● Exercise objective
The answer is the line that contains "this 1600×1200 image." followed by every later line of the entries below, each repeated exactly, and nothing else.

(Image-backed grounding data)
------------------------------------------------------------------------

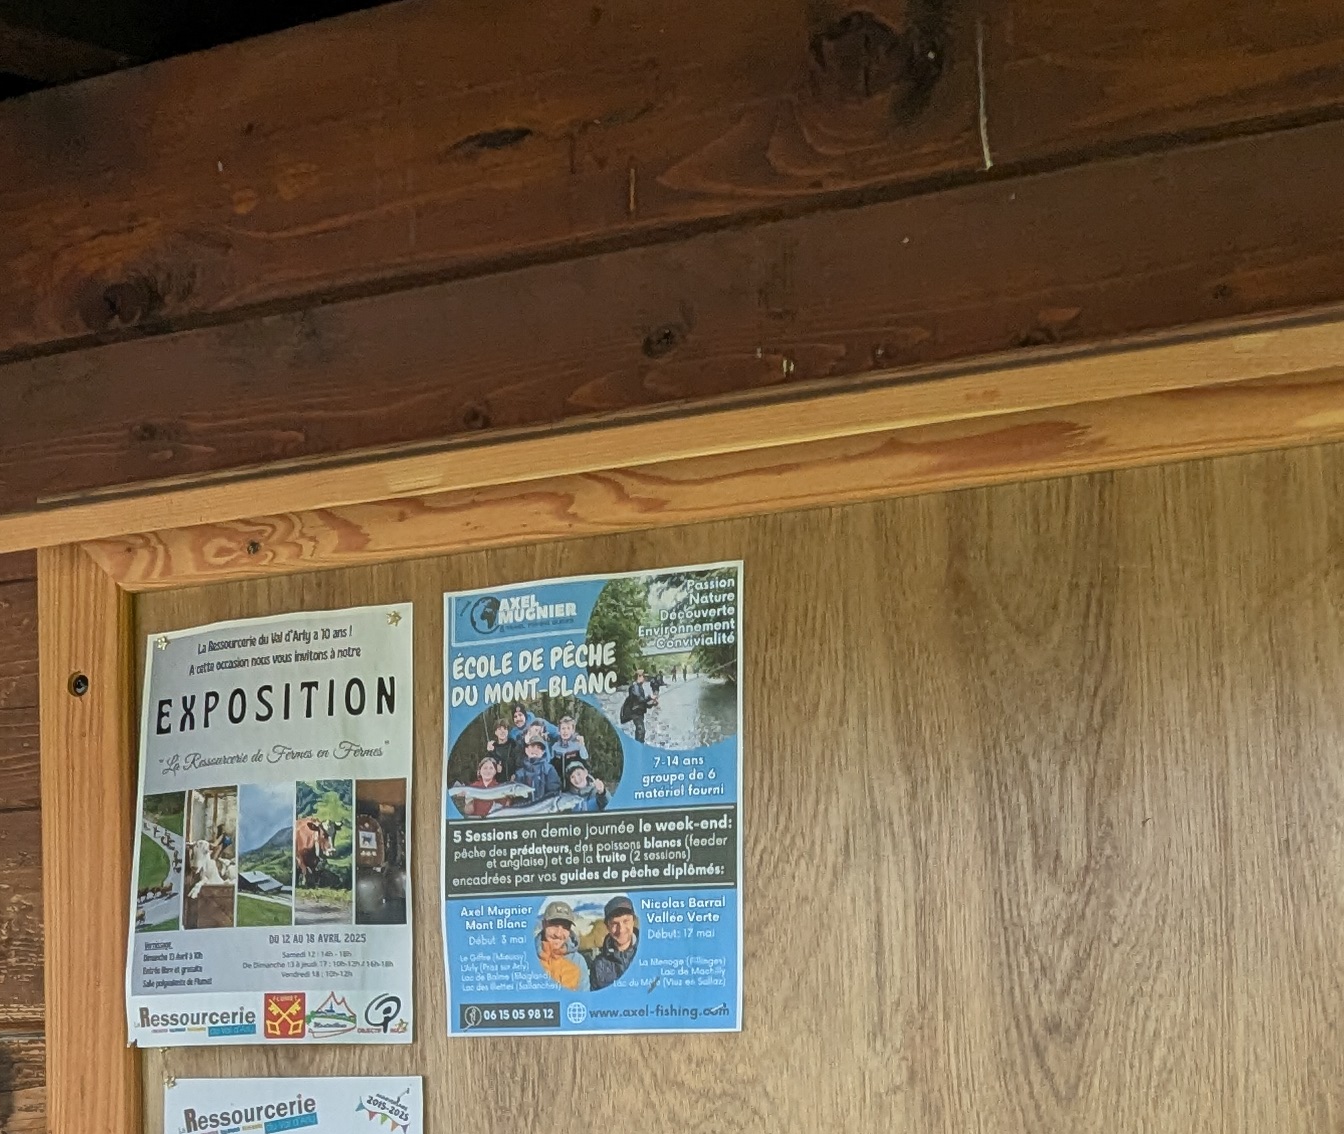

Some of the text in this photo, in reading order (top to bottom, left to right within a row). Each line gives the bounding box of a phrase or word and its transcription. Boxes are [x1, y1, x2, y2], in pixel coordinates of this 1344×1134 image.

[687, 577, 734, 590] Passion
[499, 594, 539, 611] AXEL
[689, 592, 735, 605] Nature
[498, 602, 577, 625] MUGNIER
[660, 604, 735, 621] Découverte
[638, 618, 735, 637] Environnement
[198, 643, 207, 655] La
[208, 635, 257, 652] Ressourcerie
[258, 633, 269, 645] du
[271, 631, 283, 644] Val
[313, 631, 319, 641] a
[321, 628, 331, 640] 10
[333, 628, 347, 639] ans
[656, 631, 735, 648] Convivialité
[189, 646, 362, 676] A cette occasion nous vous invitons à notre
[452, 640, 616, 680] ÉCOLE DE PÊCHE
[451, 671, 618, 707] DU MONT-BLANC
[156, 676, 396, 735] EXPOSITION
[251, 749, 263, 763] de
[266, 744, 313, 764] Fermes
[317, 749, 329, 759] en
[653, 755, 704, 768] 7-14 ans
[642, 768, 716, 787] groupe de 6
[634, 783, 724, 799] matériel fourni
[453, 813, 733, 843] 5 Sessions en demie journée le week-end:
[454, 845, 487, 862] pêche
[489, 845, 507, 858] des
[574, 839, 593, 853] des
[596, 840, 641, 854] poissons
[643, 836, 682, 850] blancs
[684, 832, 728, 850] (feeder
[486, 847, 691, 871] et anglaise) et de la truite (2 sessions)
[452, 871, 512, 887] encadrées
[514, 874, 535, 887] par
[538, 872, 557, 882] vos
[560, 867, 600, 885] guides
[602, 866, 619, 880] de
[621, 864, 660, 882] pêche
[641, 895, 726, 910] Nicolas Barral
[460, 904, 533, 919] Axel Mugnier
[646, 910, 720, 923] Vallée Verte
[465, 918, 528, 930] Mont Blanc
[269, 934, 279, 945] DU
[282, 934, 290, 944] 12
[293, 934, 304, 944] AU
[318, 933, 341, 944] AVRIL
[344, 933, 367, 943] 2025
[509, 934, 527, 944] mai
[683, 928, 694, 938] 17
[696, 929, 715, 938] mai
[242, 961, 286, 969] De Dimanche
[660, 966, 689, 976] Lac de
[139, 1006, 256, 1028] Ressourcerie
[483, 1008, 555, 1021] 06 15 05 98 12
[184, 1093, 317, 1133] Ressourcerie
[366, 1095, 410, 1122] 2015-2025
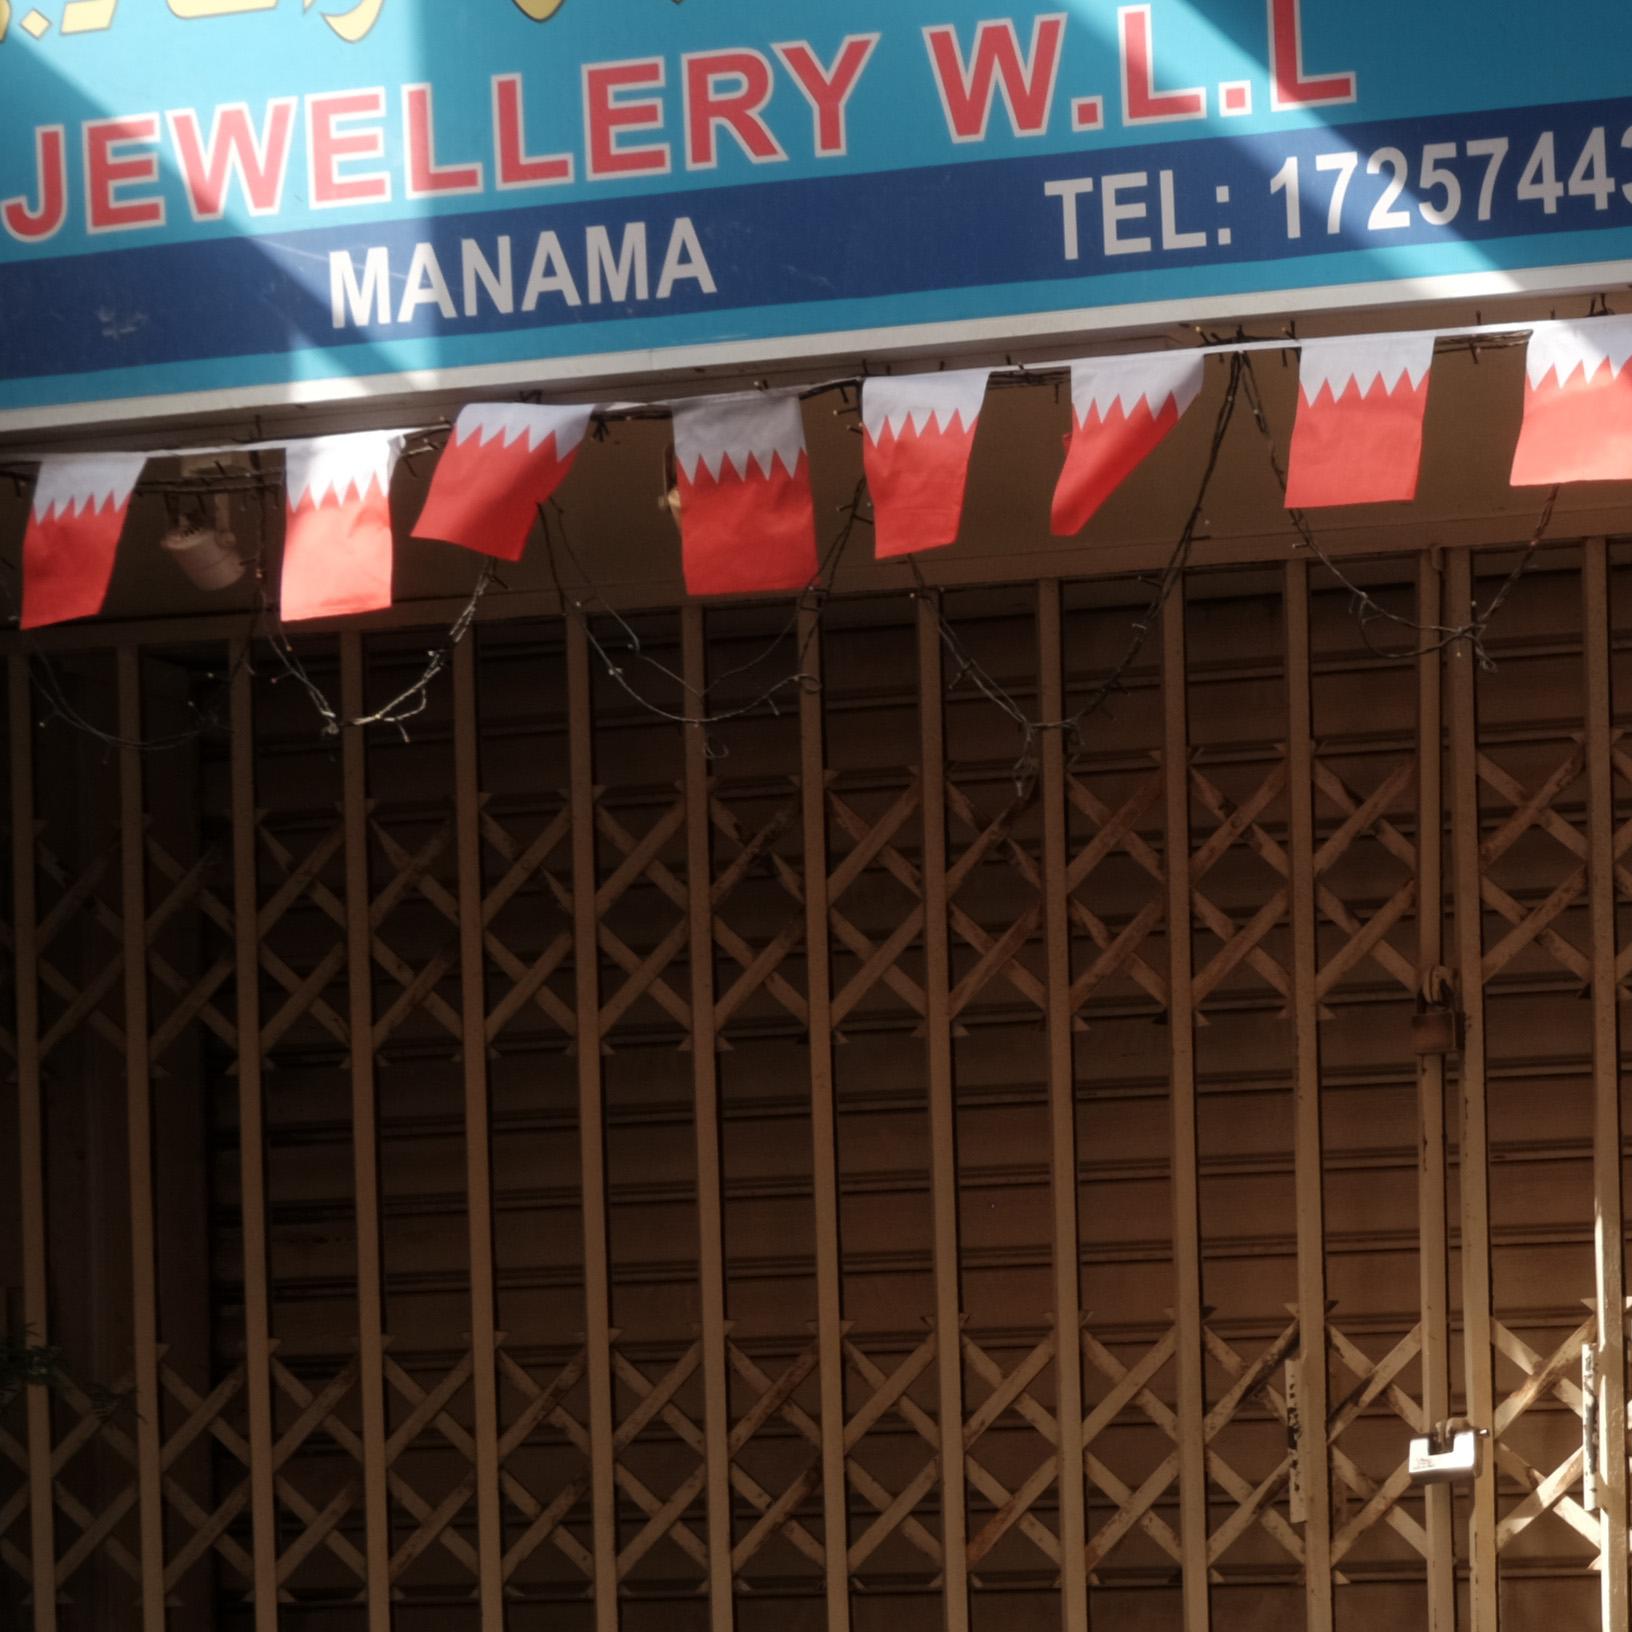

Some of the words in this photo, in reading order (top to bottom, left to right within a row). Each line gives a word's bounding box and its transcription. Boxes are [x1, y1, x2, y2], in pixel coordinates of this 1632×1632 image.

[2, 33, 881, 242] JEWELLERY
[329, 217, 718, 330] MANAMA
[1043, 169, 1232, 260] TEL:
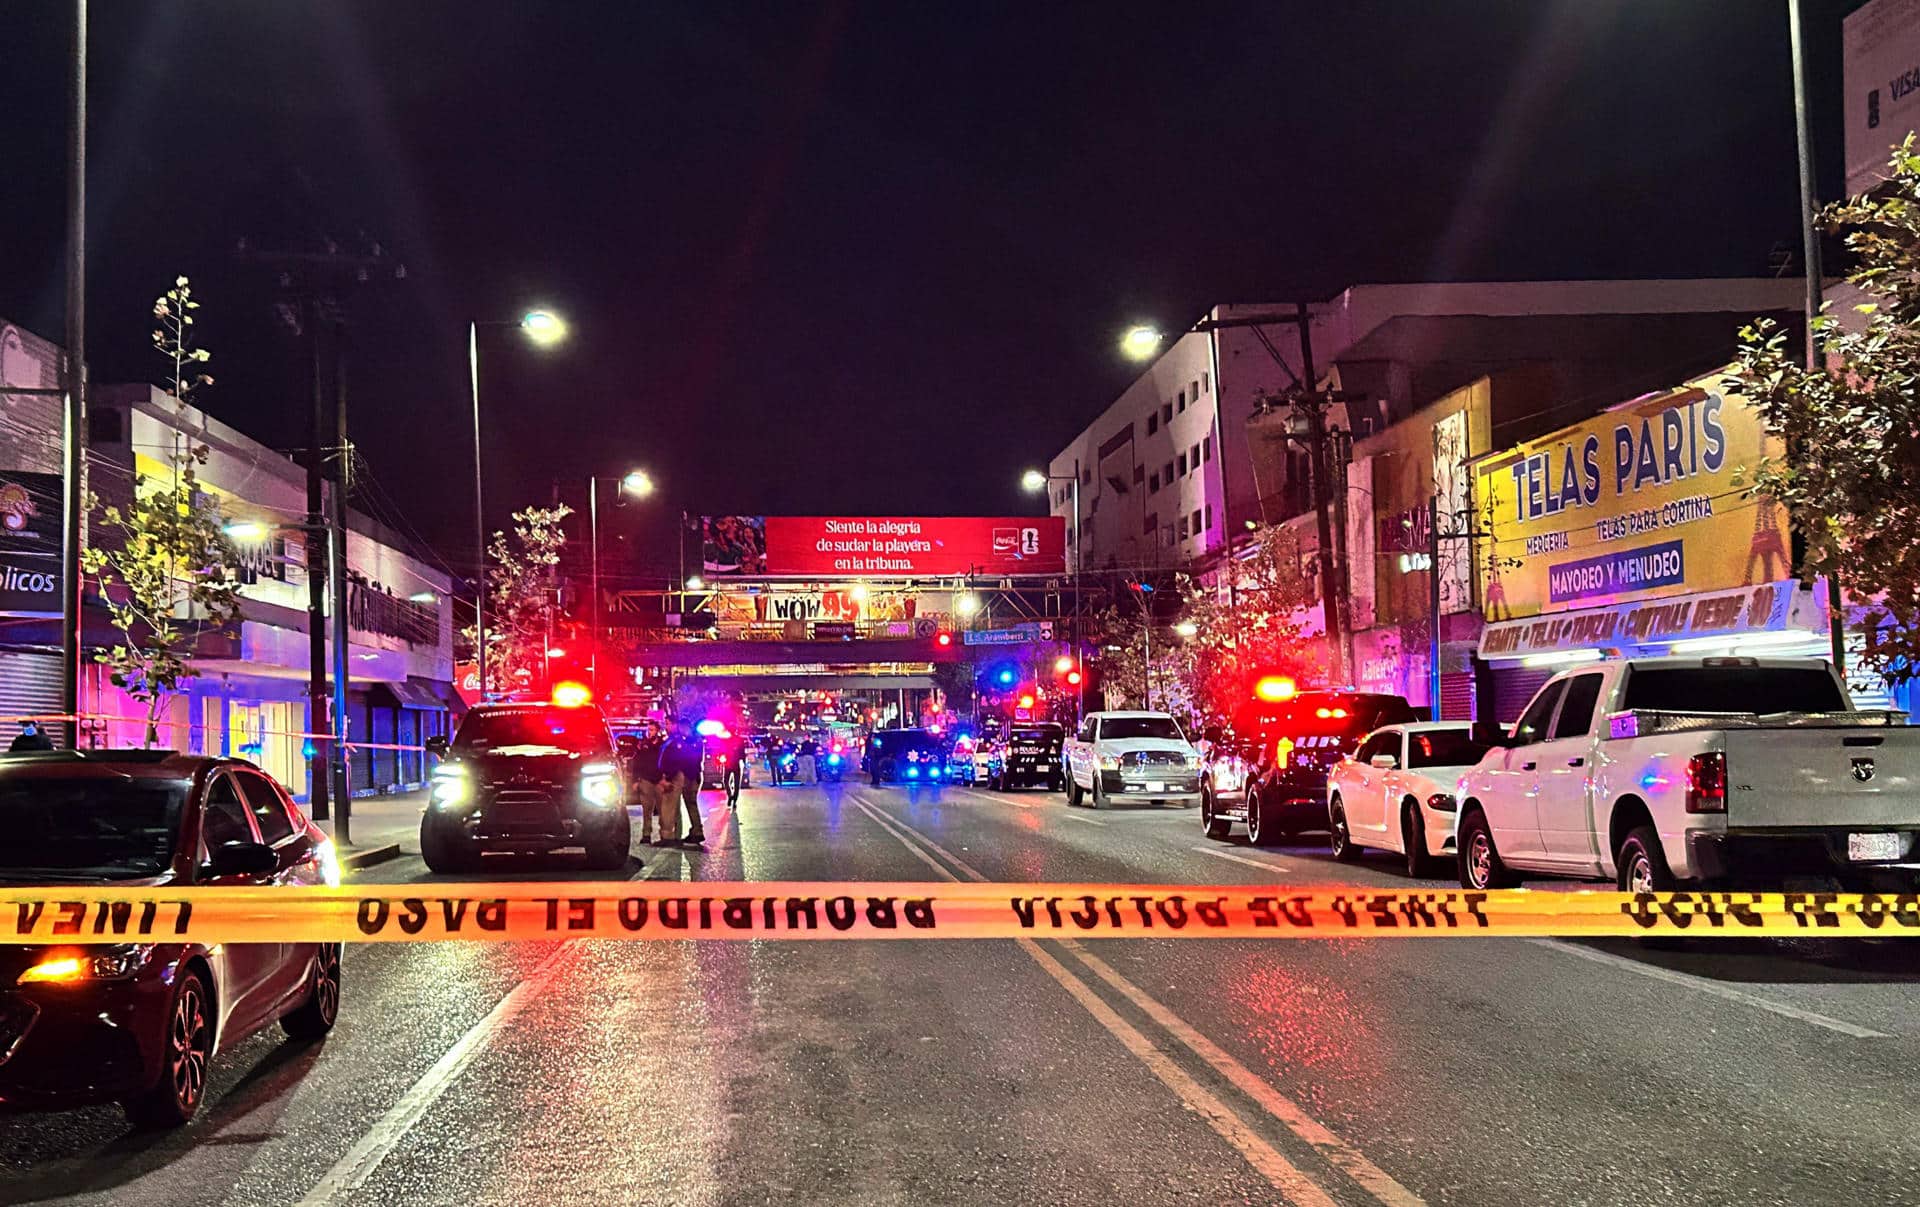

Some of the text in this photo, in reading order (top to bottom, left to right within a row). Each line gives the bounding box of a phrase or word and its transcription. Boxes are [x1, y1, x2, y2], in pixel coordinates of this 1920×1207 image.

[1512, 390, 1725, 523] TELAS PARIS
[825, 520, 864, 533] Siente
[866, 520, 877, 533] la
[1597, 495, 1713, 541] TELAS PARA CORTINA
[816, 538, 931, 554] de sudar la playera
[834, 556, 914, 570] en la tribuna.
[0, 566, 55, 592] licos
[1551, 550, 1680, 596] MAYOREO Y MENUDEO
[8, 900, 193, 935] LINEA
[356, 899, 507, 935] PASO
[544, 899, 595, 931] EL
[618, 897, 936, 931] PROHIBIDO
[1011, 896, 1228, 930] POLICIA
[1248, 896, 1314, 928] DE
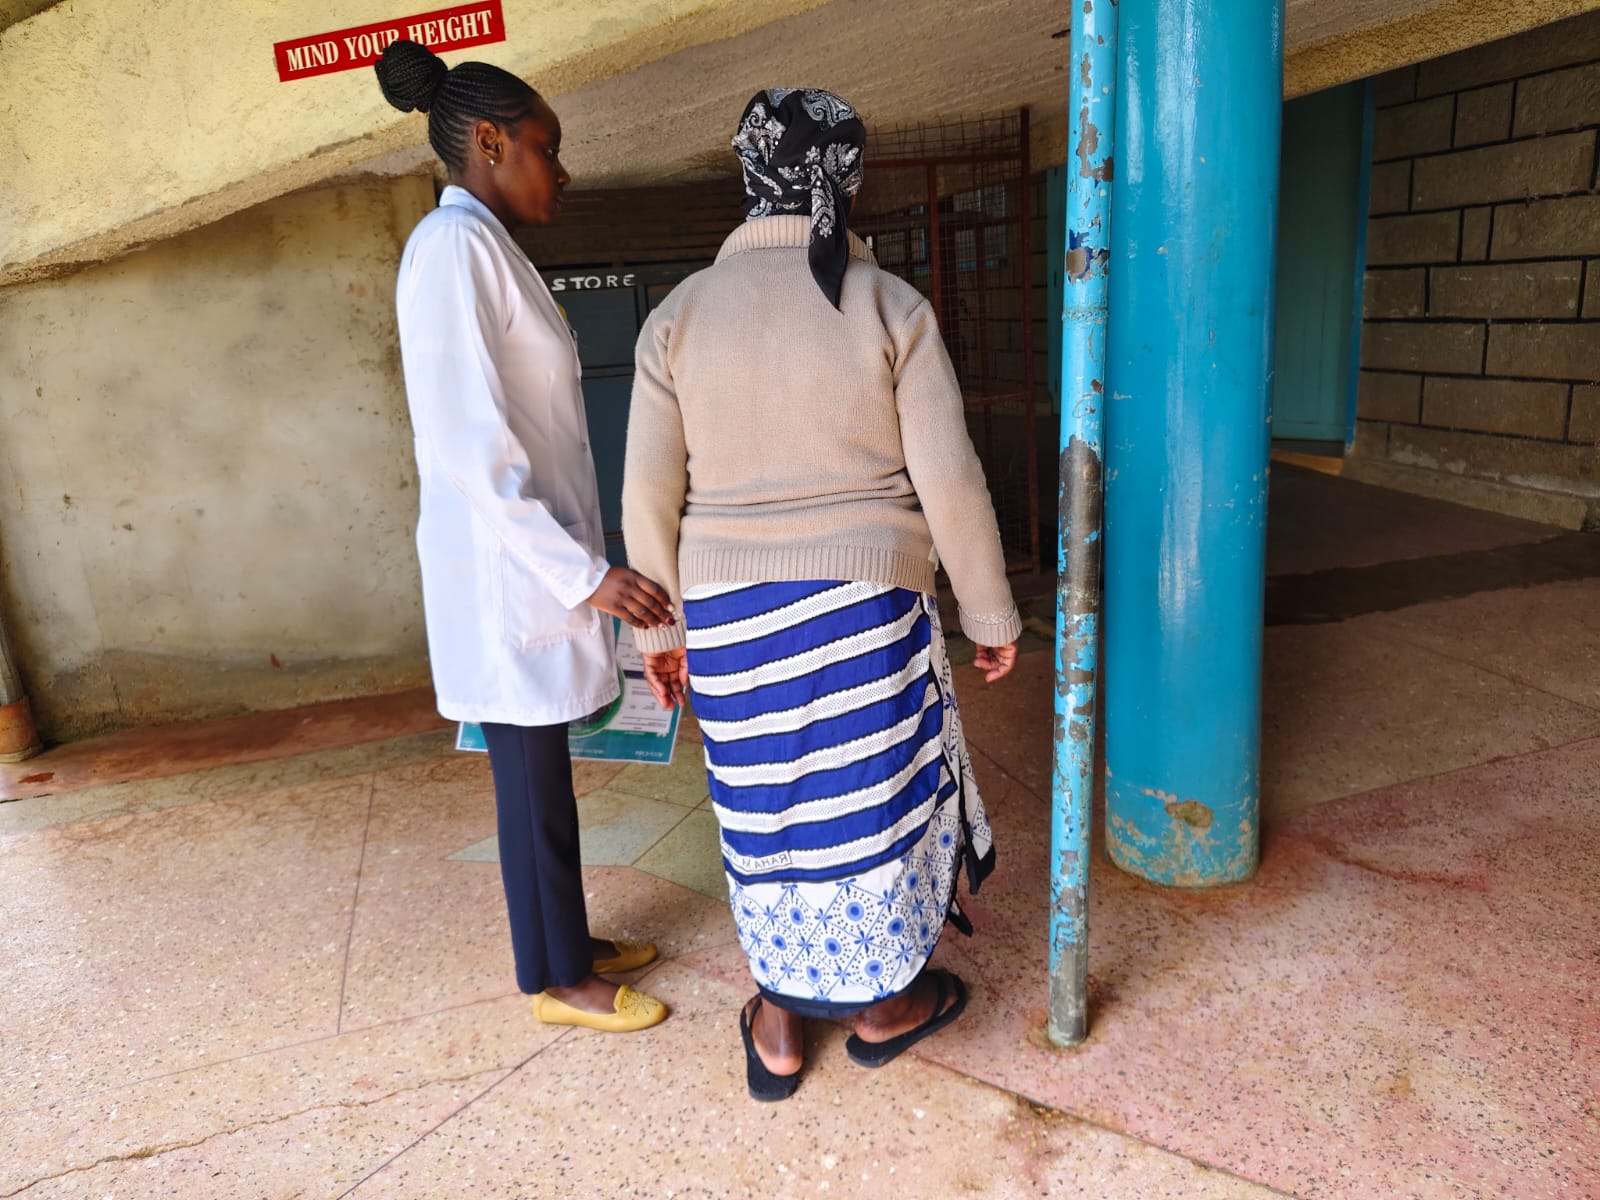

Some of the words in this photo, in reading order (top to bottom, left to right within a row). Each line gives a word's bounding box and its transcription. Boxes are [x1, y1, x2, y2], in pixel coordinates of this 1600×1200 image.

[286, 40, 339, 72] MIND
[407, 9, 493, 46] HEIGHT
[551, 273, 635, 292] STORE

------------------------------------------------------------------------

● Answer area
Some of the words in this photo, in reading order (top to bottom, left to right within a row). Each line gives a word's bounding box and its transcription. Boxes are [x1, y1, x2, y2], in pixel coordinates of this 1600×1200 image.

[286, 40, 339, 72] MIND
[407, 9, 493, 46] HEIGHT
[551, 273, 635, 292] STORE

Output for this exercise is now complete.